Stability AI Debuts New Text-to-Image Model DeepFloyd IF
Synthetic media startup Stability AI has introduced a new text-to-image generative AI model called DeepFloyd IF that doesn’t use the Stable Diffusion large language model (LLM) the company is best known for. The “cascaded pixel diffusion model” arrives on the heels of Stability’s release of the open-source LLM StableLM, with an open-source version of DeepFloyd IF also in the works.
Instead of Stable Diffusion, DeepFloyd IF relies on the T5-XXL-1.1 model. The more flexible foundation model gives DeepFloyd IF more features and often performs better than the standard version of Stability’s more famous model. For instance, it can generate legible text in various forms and fonts and produces more photorealistic images than many of the current text-to-image engines. The images can also be customized in the text prompt to match non-standard aspect ratios instead of always starting as a square. DeepFloyd IF is also designed for image-to-image manipulation as seen at the top of the page. The model resizes the initial image, then delibleately adds noise before processing the new prompt to alter the style and complete the modification without repeated fine-tuning and tinkering.
“DeepFloyd IF is a state-of-the-art text-to-image model released on a non-commercial, research-permissible license that provides an opportunity for research labs to examine and experiment with advanced text-to-image generation approaches,” Stability AI explained in its announcement. “Incorporating the intelligence of the T5 model, DeepFloyd IF generates coherent and clear text alongside objects of different properties appearing in various spatial relations. Until now, these use cases have been challenging for most text-to-image models.”

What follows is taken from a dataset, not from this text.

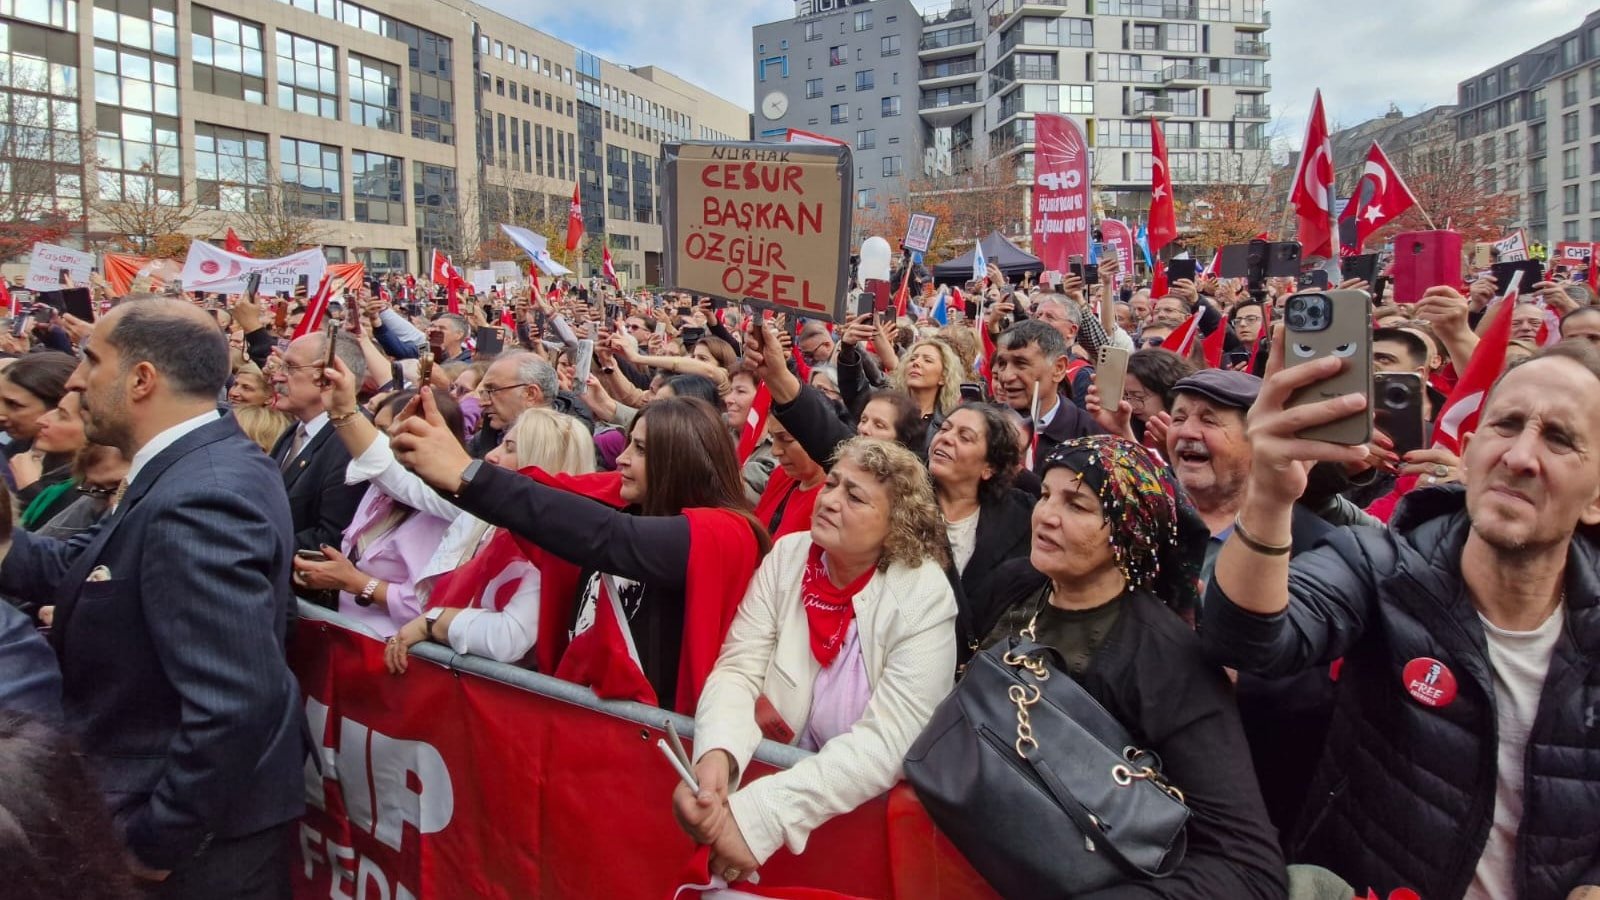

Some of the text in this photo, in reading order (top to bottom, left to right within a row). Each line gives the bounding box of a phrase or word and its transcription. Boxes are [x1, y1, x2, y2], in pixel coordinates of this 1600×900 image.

While DeepFloyd IF’s features are ahead of the current consumer version of Stable Diffusion, it appears to be the seed of an open-source version of Stability AI’s enterprise-focused Stable Diffusion XL (SDXL) model unveiled last month. SDXL also boasts of being able to embed readable text and a high degree of photorealism. Stability’s expanding generative AI research is fueled in part by the $101 million it raised last year. Stability has also made acquisition part of its strategy, starting with the company behind AI image manipulation service Clipdrop, and worked with digital collectible platform Revel.xyz to release an image-to-animation tool called Animai.